The Support of Lupus Friends
Walk a mile in my shoes. Sometimes I wish my friends could do this, if not for a mile than for just a few yards, in order for them to have some semblance of an idea of what I am going through with lupus.
The fact is, walking is not required. They could just stand there and still soak in all the pain, fatigue and the weight of it all.
There are days I swear I can feel gravity. The fatigue is so strong I might as well be trying to walk through quicksand, and the pain so severe I fight back tears because I know if I let the first one fall, it will open the gates to a full breakdown.
It is on this type of day when one of my healthy friends, one who runs 10 kms for fun and thinks I just feel “a little sick sometimes” can give me a moment of pause as I try and make that connection I so desperately seek. In fairness to her, she does not live with what I do and though she tries to offer a wealth of compassion, I feel a distance form as she listens to me tell her about my week.
She feels sympathy for my struggles, but she does not understand — not really. She and I both feel that we have less and less in common now, and that hurts deeply.
I have found that friendships with fellow lupus survivors — my "lupus friends" or "fellow lupies" — can fill a void left by my other friendships, however. You can never have too many friends!
And no, I did not already have a group of friends that had lupus. Some I have sought out through support groups, others were people I have recently encountered, as if they were placed in my path for a reason.
One friend I've known for the last few years and she suddenly is in the process of diagnosis.
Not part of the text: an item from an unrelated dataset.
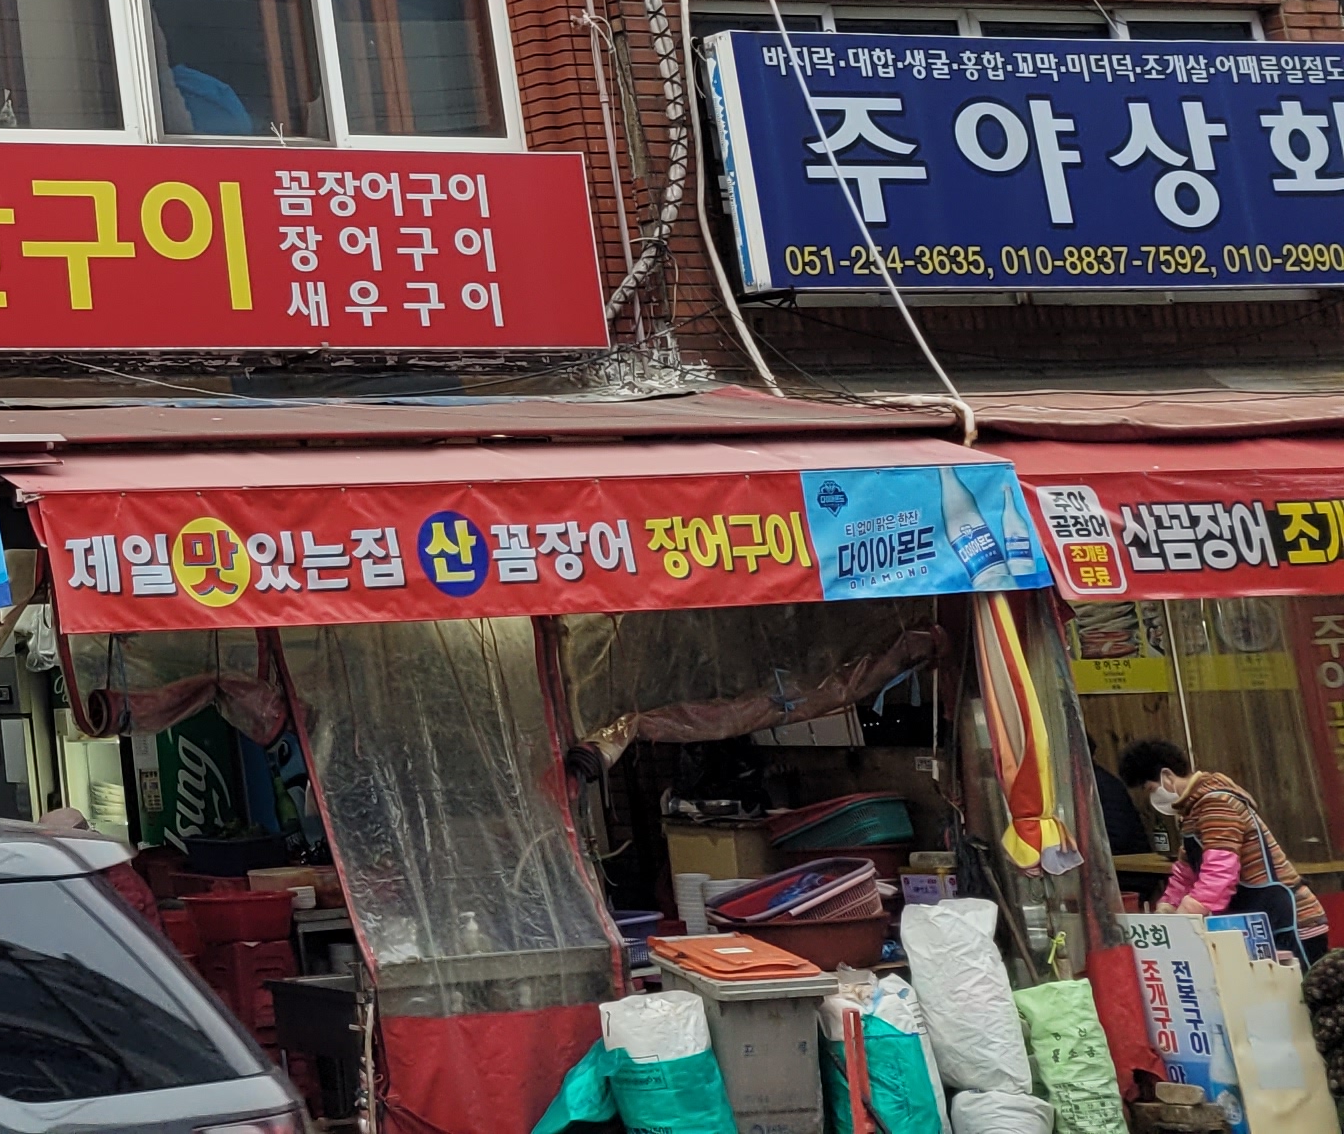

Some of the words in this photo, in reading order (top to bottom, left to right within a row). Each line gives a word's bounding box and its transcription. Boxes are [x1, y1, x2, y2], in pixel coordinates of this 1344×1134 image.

My suggestion is if you feel a disconnect with your regular circle of friends, expand your circle to include a few who have lupus.
Finding Fellow Lupies
Friendship with others who have lupus can be an amazing comfort, but how do you find them?
Join Lupus Support Groups
This can be on Facebook or through the actual websites and blogs of other lupus warriors. In most cases if you do a search on Facebook (just type “lupus” in the search menu), a list of suggestions will appear. These are people from all over the country and the world, but chances are, there are a few that live near you.
Even if they are not local, online friendships can offer amazing support.
Find Local Chapters
Contact the Lupus Foundation of America about local chapters of support groups near you. There are some across the country and they are often held at clinics or in hospital meeting rooms and can be led by either a fellow lupus survivor or even a nurse.
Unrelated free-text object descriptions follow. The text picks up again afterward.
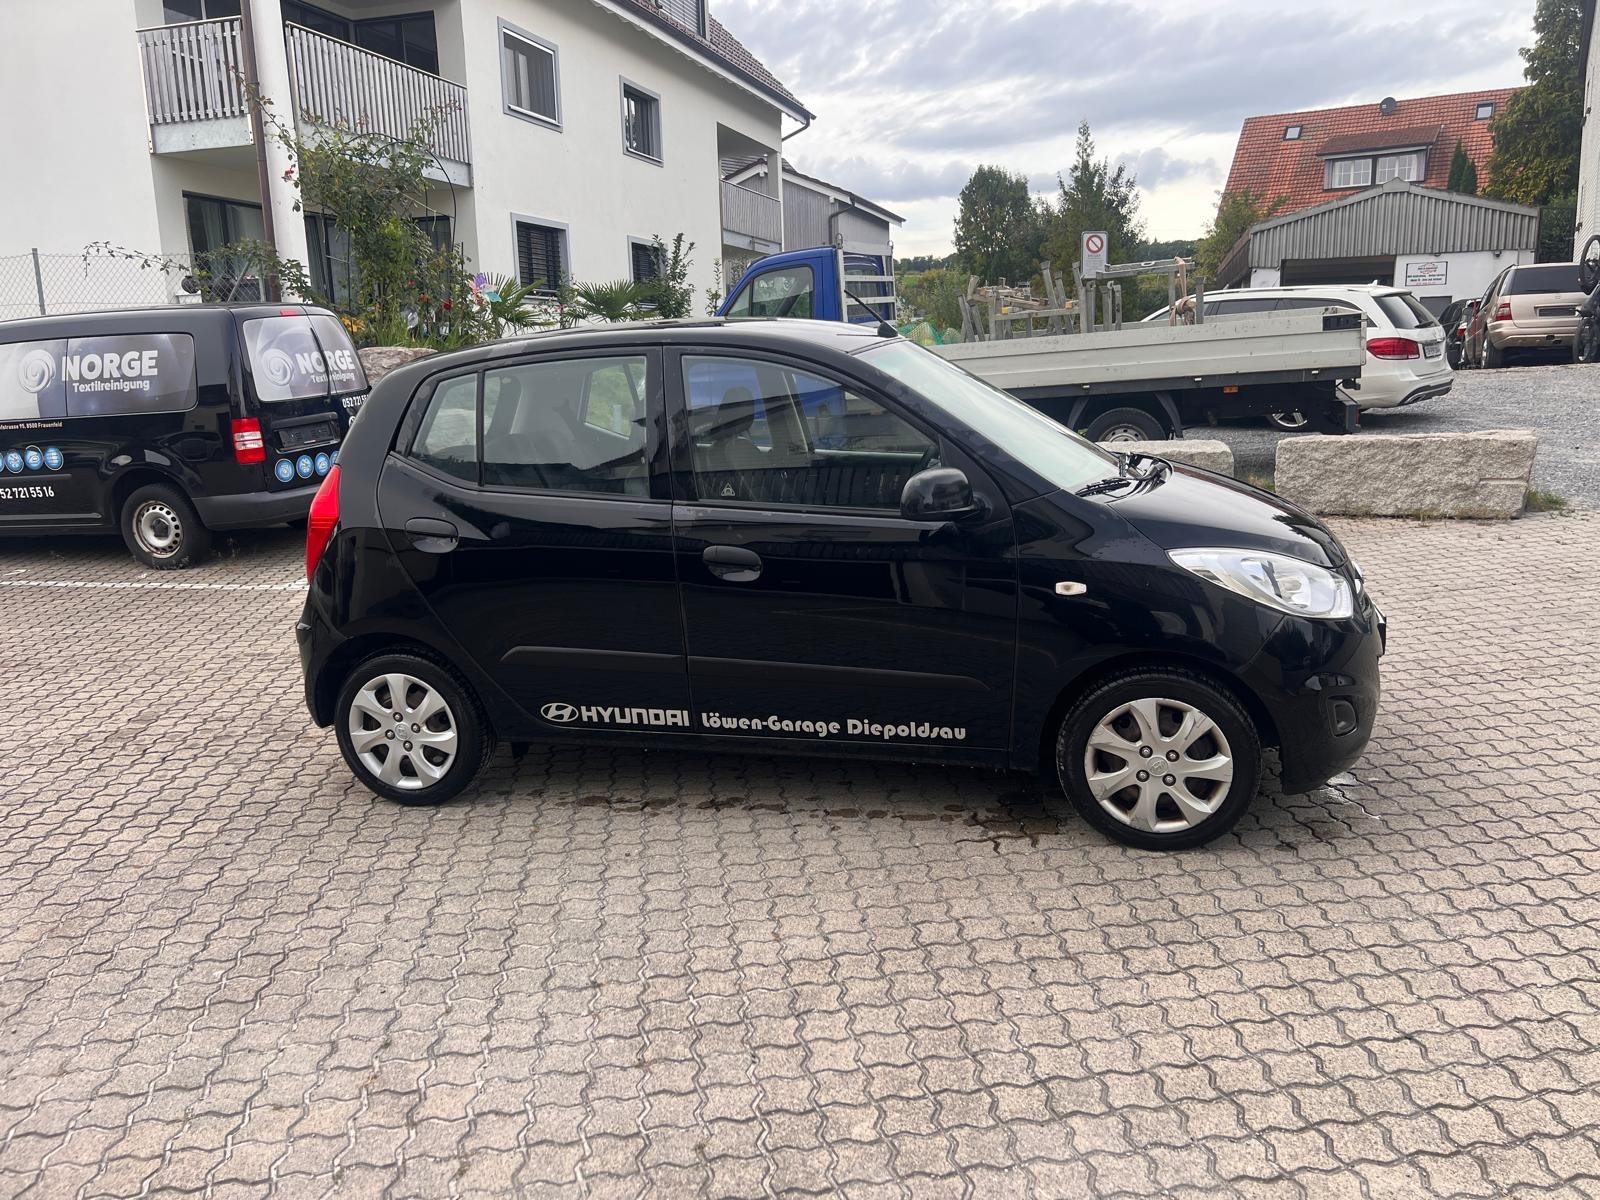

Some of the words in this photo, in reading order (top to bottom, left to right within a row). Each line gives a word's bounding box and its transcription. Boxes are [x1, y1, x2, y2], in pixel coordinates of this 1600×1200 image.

[61, 350, 158, 381] NORGE
[295, 350, 355, 374] NORGE
[72, 379, 150, 392] Textilreinigung
[342, 398, 354, 408] 052
[12, 487, 29, 499] 721
[29, 486, 43, 498] 55
[43, 485, 54, 498] 16
[580, 705, 690, 727] HYUNDAI
[701, 712, 841, 737] Löwen-Garage
[846, 719, 966, 740] Diepoldsau
It is mainly a way to connect and gain support, but it can lead to great friendships with local people.
Start a Group of Your Own
You can be a true warrior by starting your own lupus group, maybe include similar autoimmune diseases — fibromyalgia and crohn’s for example — so your group can grow, but still contain people who relate to each other. Meet at a park or at the local coffee shop or public library.
There is a saying, “There is safety in numbers,” and perhaps that is why I felt safer in my own skin once I developed friendships with people going through the same struggles.